Fig. 1
A left frontal glioblastoma is shown in a conventional T1-w axial image (T1-w) without a contrast agent, in a map of quantitative R1 relaxation rate (qR1) with R1 = 1/T1, and in a map of proton density (PD). The qR1 map is gray scaled, showing the increasing T1 relaxation time from white to black; the PD map shows increasing PD values from black to white. The tumor is hypointense compared to white matter in the T1-w image due to the longer T1 relaxation time of tumor tissue (dark gray in qR1). However, the PD is increased in the tumor, increasing the signal in all weighted images of the standard MRI including T1-w images. This may attenuate the hypointense signal in T1-w images
Fig. 2
A glioblastoma of the splenium of the corpus callosum with adjacent subtle white matter changes which extended into both hemispheres and were suspicious for gliomatosis. Images from standard MRI (T1-w) and quantitative maps (qR1 and PD) are shown as in Fig. 1. T1 relaxation times of this infiltrative tumor are shorter compared to the glioblastoma in Fig. 1, resulting in a less hypointense appearance in qR1, while the PD is comparable. Thus, the tumor is hardly seen on standard T1-w images. Also note the bright signal in T1-w of the dorsal brain which is due to RF coil inhomogeneities. Quantitative mapping of theT1 relaxation time or its inverse, the R1 relaxation rate, eliminates the RF coil inhomogeneities and the PD contrast, thus showing the tumor much clearer in qR1. Even subtle changes of the adjacent white matter may be depicted
These ambiguous contrast phenomena can be avoided by acquiring a series of MR images with different T1 or T2 weighting which allows calculating the respective relaxation time. The resulting parameter maps provide quantitative values of the relaxation times (T1, T2) and thus offer more unequivocal information on tissue characteristics Schad et al. 1993. The following sections deal with the diagnostic value of these parameters.
However, the systematic approach to obtain these parameter maps is challenging. Current advances in MR imaging, hardware and post-processing techniques prepare the way to resolve these problems. The description of these quantitative methods is beyond the scope of this book and reference is made to some reviews (Cheng et al. 2012; Tofts 2003). Apart from their diagnostic value, these quantitative parameter maps are free from magnetic field inhomogeneities, RF coil characteristics and the specific choice of imaging parameters (e.g., TR, TE), thus allowing the quantification of pathological tissue changes. The diagnostic advantages of quantitative and semiquantitative MR parameter evaluation have been shown in MS patients (Cheng et al. 2012; Hasan et al. 2012; Tofts).

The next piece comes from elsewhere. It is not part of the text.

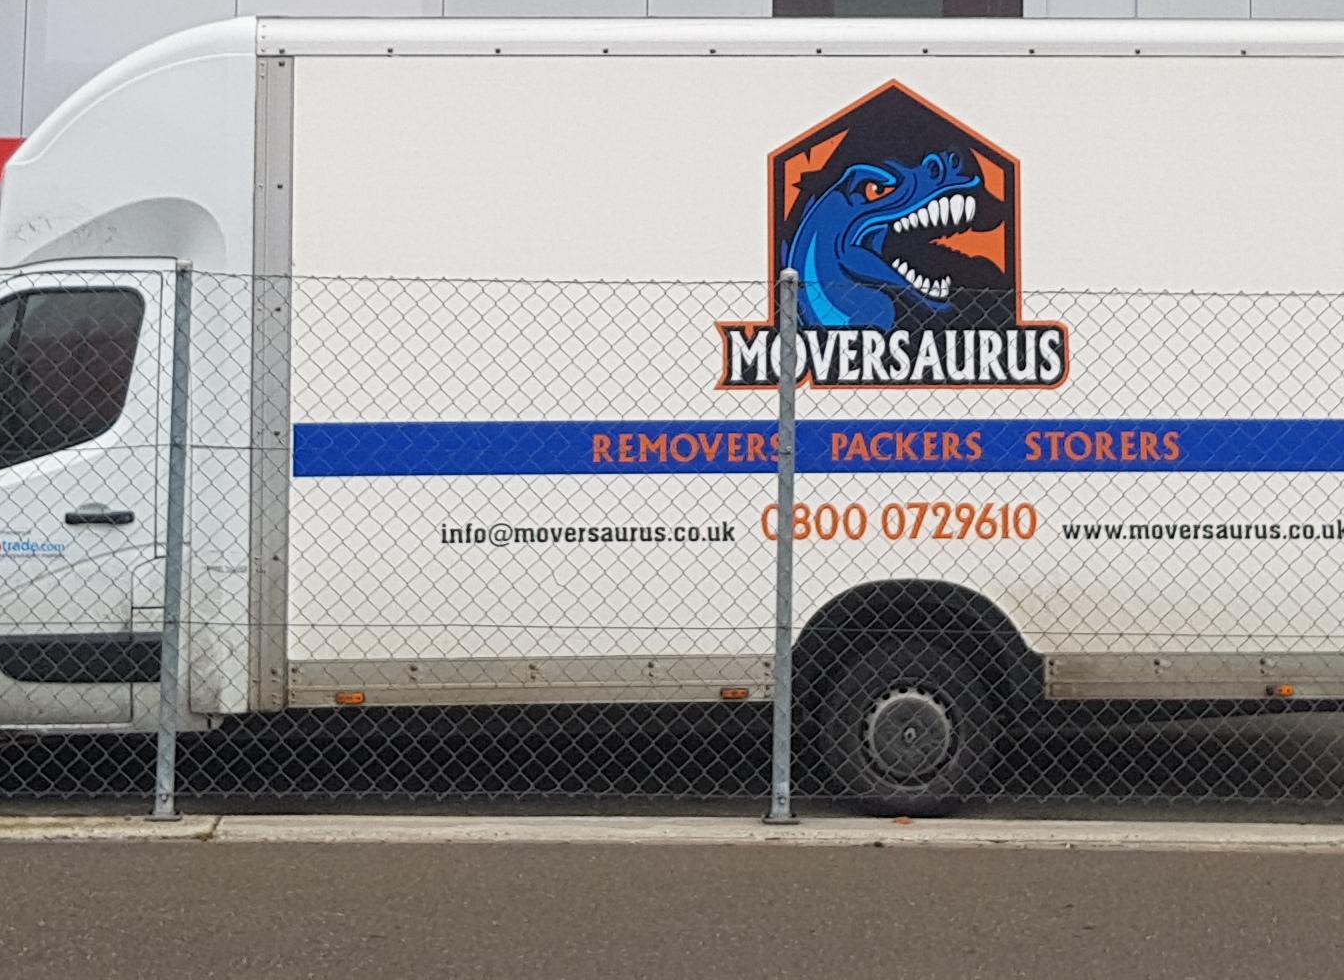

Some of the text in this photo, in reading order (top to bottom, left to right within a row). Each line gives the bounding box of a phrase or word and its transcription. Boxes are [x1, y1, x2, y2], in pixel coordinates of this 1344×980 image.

Unfortunately, most quantitative MR studies on brain tumors date from decades ago, i.e., the early stages of methodical development restricted by less developed hardware and low computational power. Damadian was the first to report prolonged T2- and T1-relaxation times in neoplastic tissue (Damadian 1971). Although the benefit of quantitative MR methods in differential diagnosis of brain tumors has yet to be shown, it should be considered as one of the most challenging responsibilities for radiologists to establish standardization and reliable MR parameter quantification in tumor imaging, especially in the context of tumor monitoring.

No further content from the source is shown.